> _Exercise data_:
┄┄┄┄┄┄┄┄┄┄┄┄┄┄┄┄┄┄┄┄

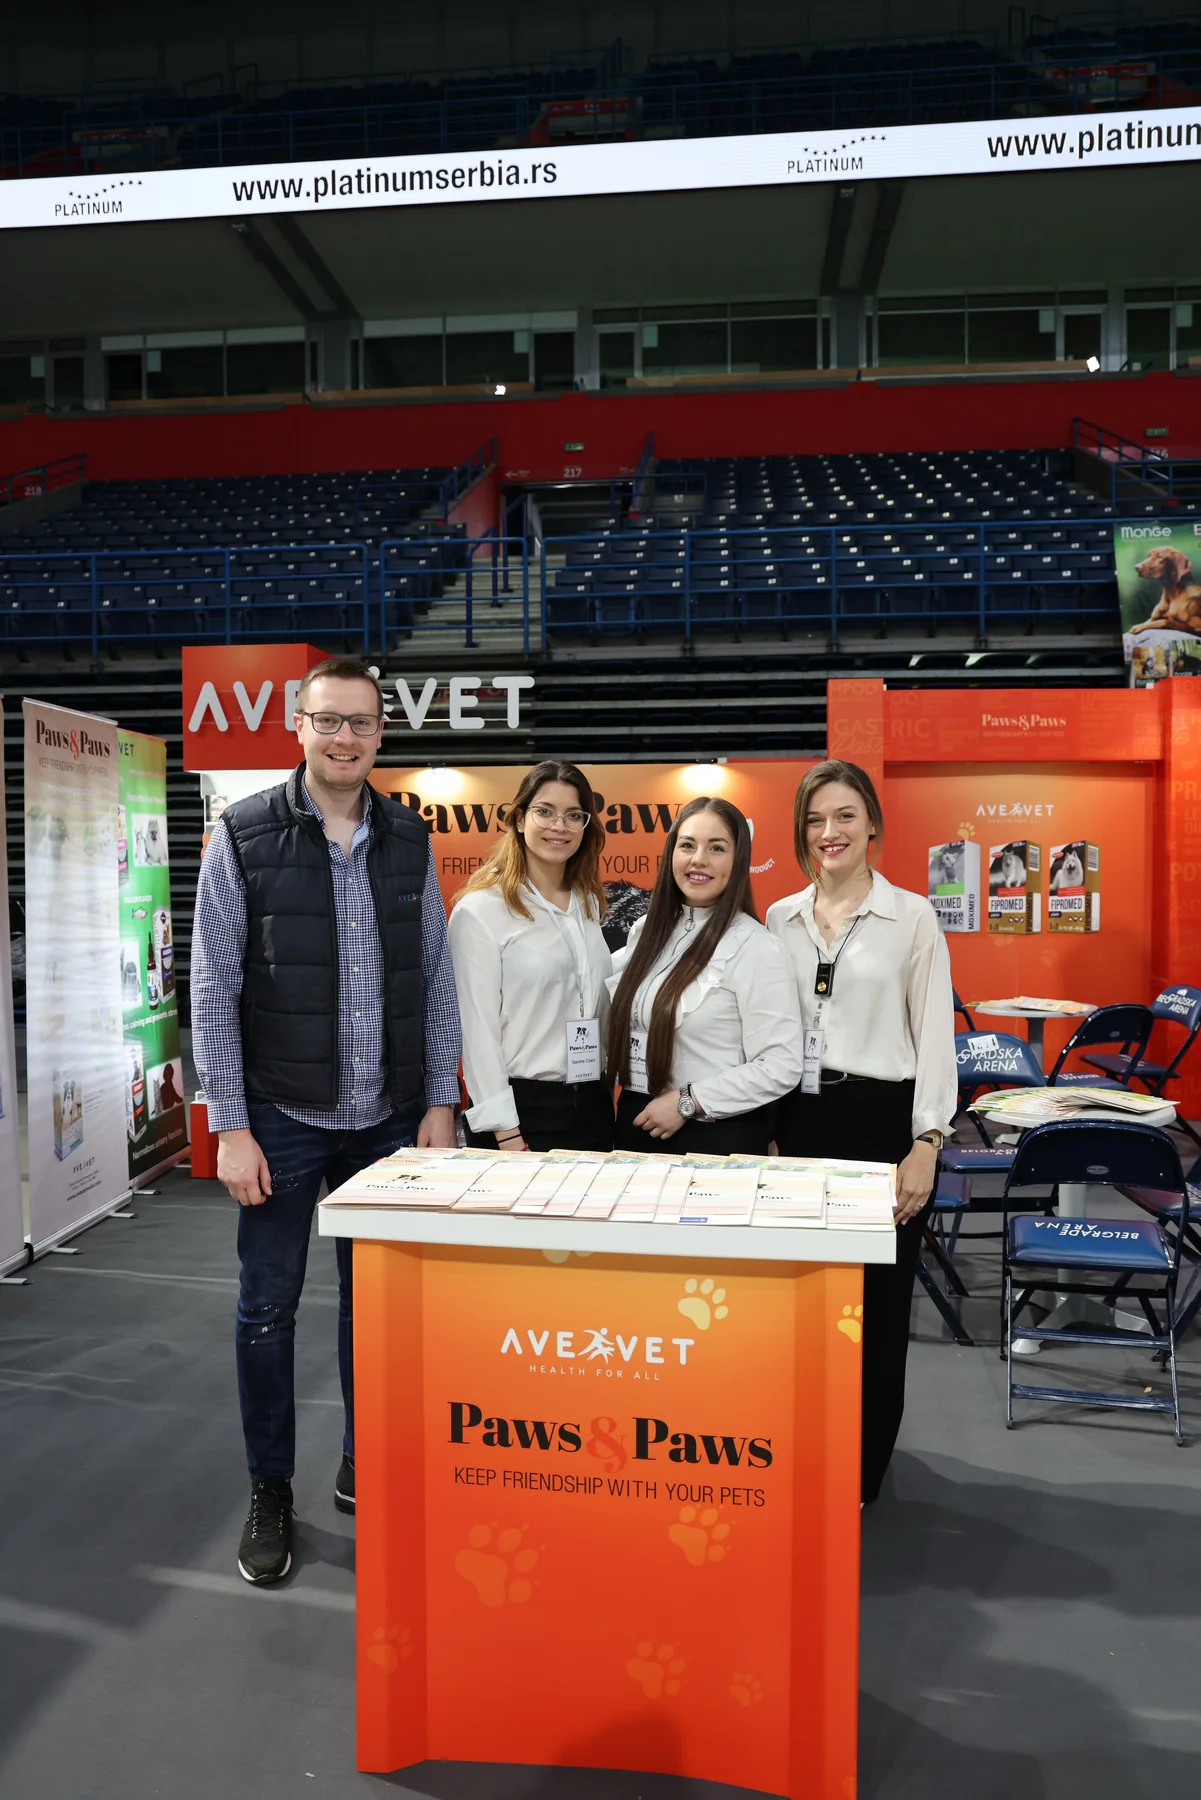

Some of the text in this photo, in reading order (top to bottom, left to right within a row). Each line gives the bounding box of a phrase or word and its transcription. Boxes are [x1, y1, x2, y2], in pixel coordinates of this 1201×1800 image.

[787, 156, 864, 174] PLATINUM
[232, 159, 558, 203] www.platinumserbia.rs
[54, 200, 123, 217] PLATINUM
[563, 467, 583, 479] 217
[395, 676, 536, 731] VET
[982, 713, 1067, 731] Paws&Paws
[35, 719, 111, 760] Paws&Paws
[602, 855, 650, 874] YOUR
[968, 893, 976, 930] MOXIMED
[990, 898, 1024, 910] FIPROMED
[1051, 898, 1083, 910] FIPROMED
[1168, 1003, 1190, 1016] ARENA
[973, 1059, 1019, 1073] ARENA
[1034, 1221, 1099, 1231] ARENA
[1059, 1228, 1139, 1240] BELGRADE
[500, 1328, 695, 1365] AVE VET
[529, 1364, 661, 1381] HEALTH FOR ALL
[454, 1466, 766, 1508] KEEP FRIENDSHIP WITH YOUR PETS
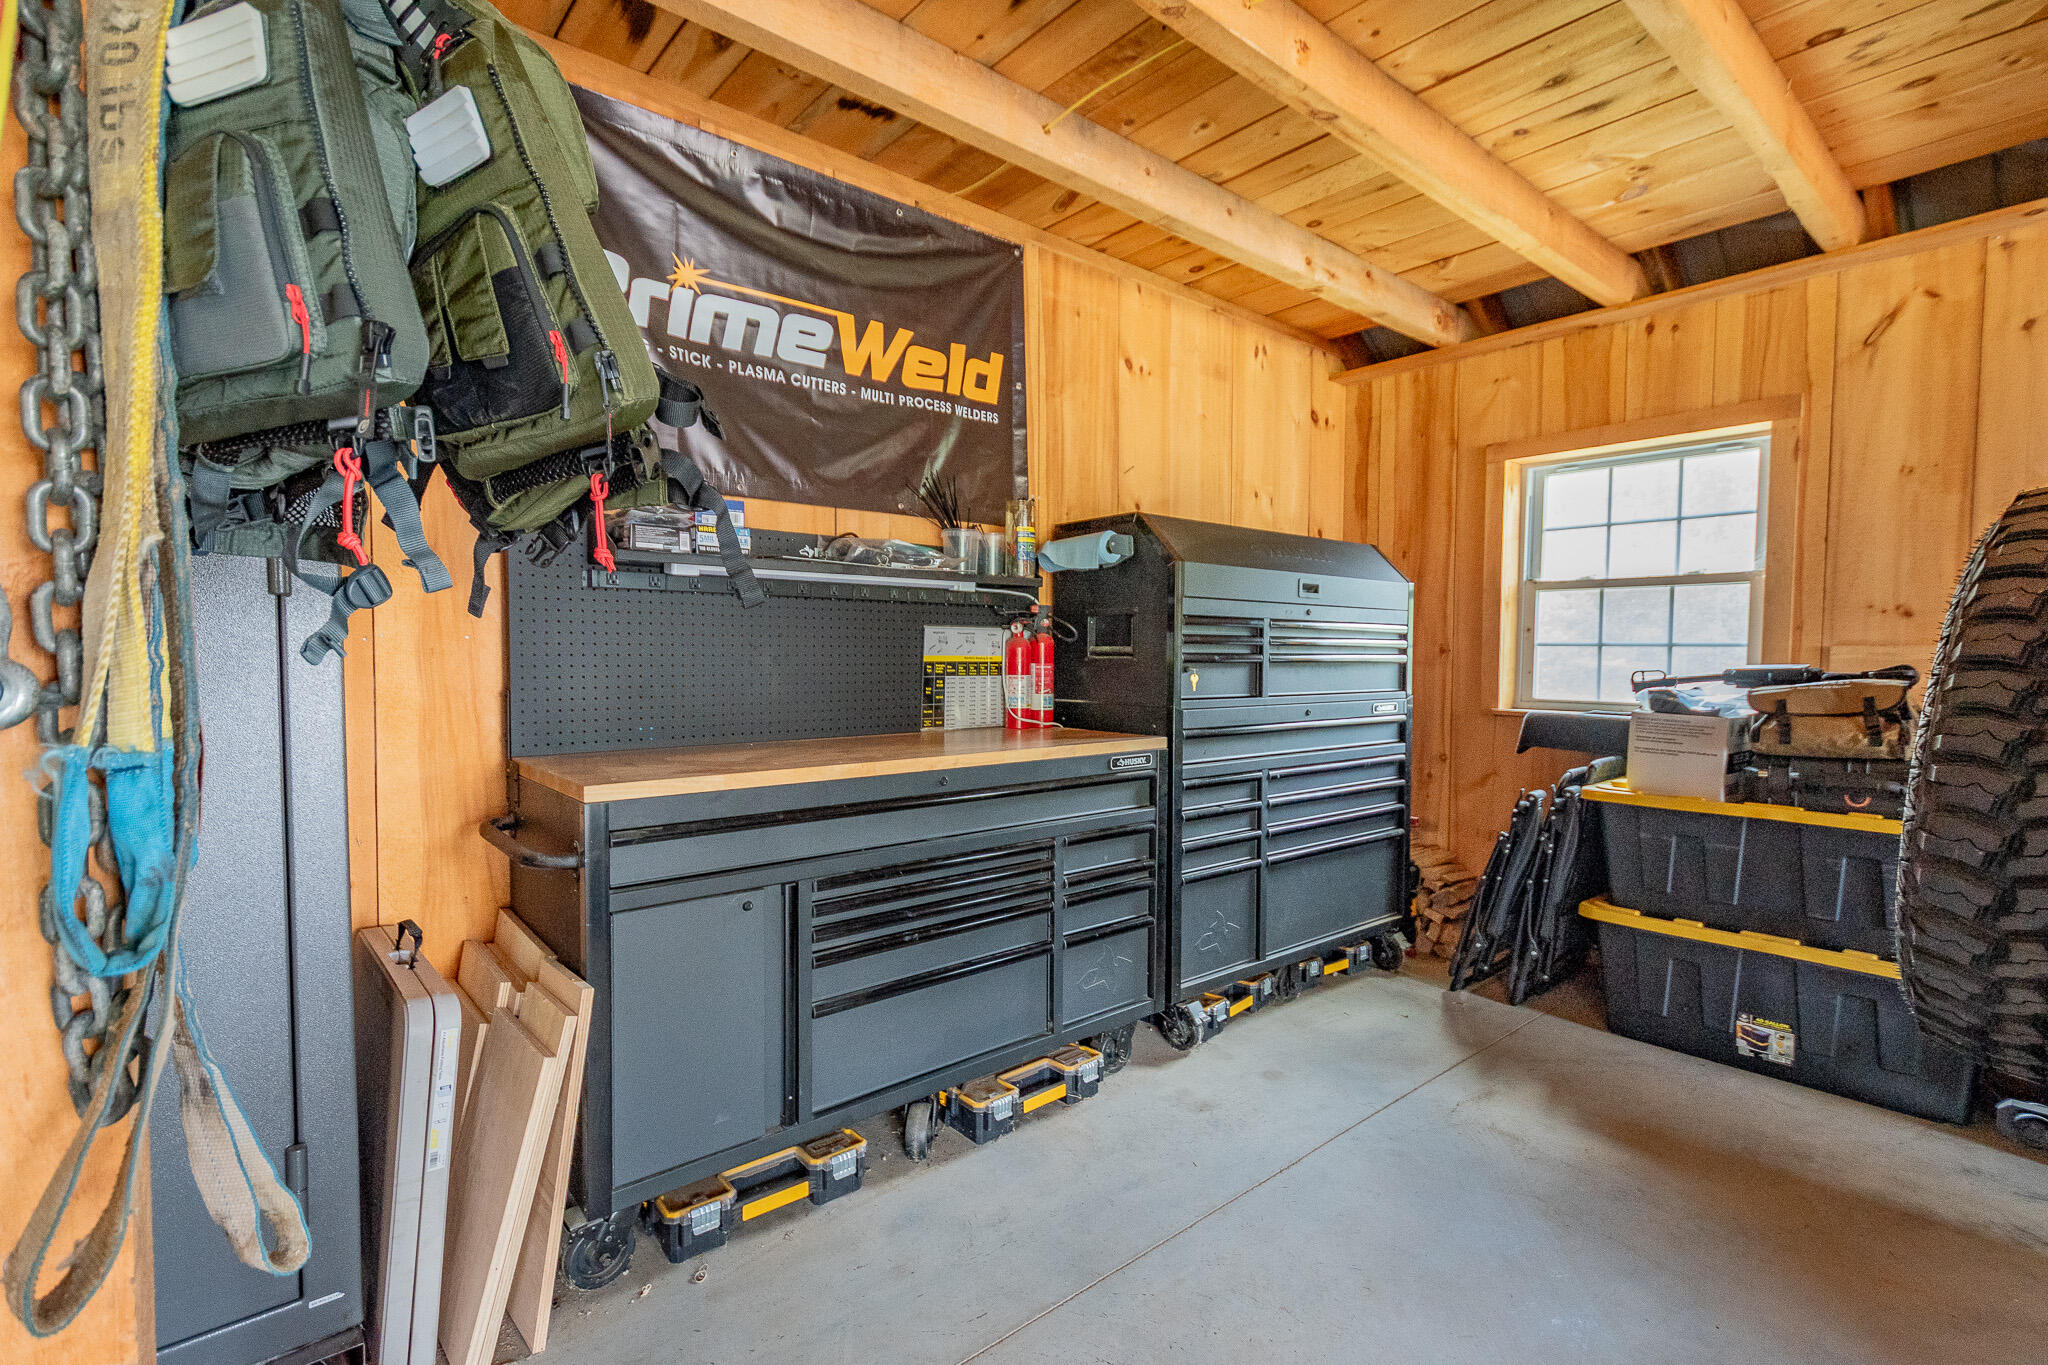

┄┄┄┄┄┄┄┄┄┄┄┄┄┄┄┄┄┄┄┄

> _About this exercise_:
Your answer must contain the full data, repeated exactly, without pictures.

> _Written answer_:
Some of the text in this photo, in reading order (top to bottom, left to right within a row). Each line gives the bounding box of a phrase or word and its transcription. Boxes are [x1, y1, x2, y2], in pixel coordinates of this 1201×1800 image.

[787, 156, 864, 174] PLATINUM
[232, 159, 558, 203] www.platinumserbia.rs
[54, 200, 123, 217] PLATINUM
[563, 467, 583, 479] 217
[395, 676, 536, 731] VET
[982, 713, 1067, 731] Paws&Paws
[35, 719, 111, 760] Paws&Paws
[602, 855, 650, 874] YOUR
[968, 893, 976, 930] MOXIMED
[990, 898, 1024, 910] FIPROMED
[1051, 898, 1083, 910] FIPROMED
[1168, 1003, 1190, 1016] ARENA
[973, 1059, 1019, 1073] ARENA
[1034, 1221, 1099, 1231] ARENA
[1059, 1228, 1139, 1240] BELGRADE
[500, 1328, 695, 1365] AVE VET
[529, 1364, 661, 1381] HEALTH FOR ALL
[454, 1466, 766, 1508] KEEP FRIENDSHIP WITH YOUR PETS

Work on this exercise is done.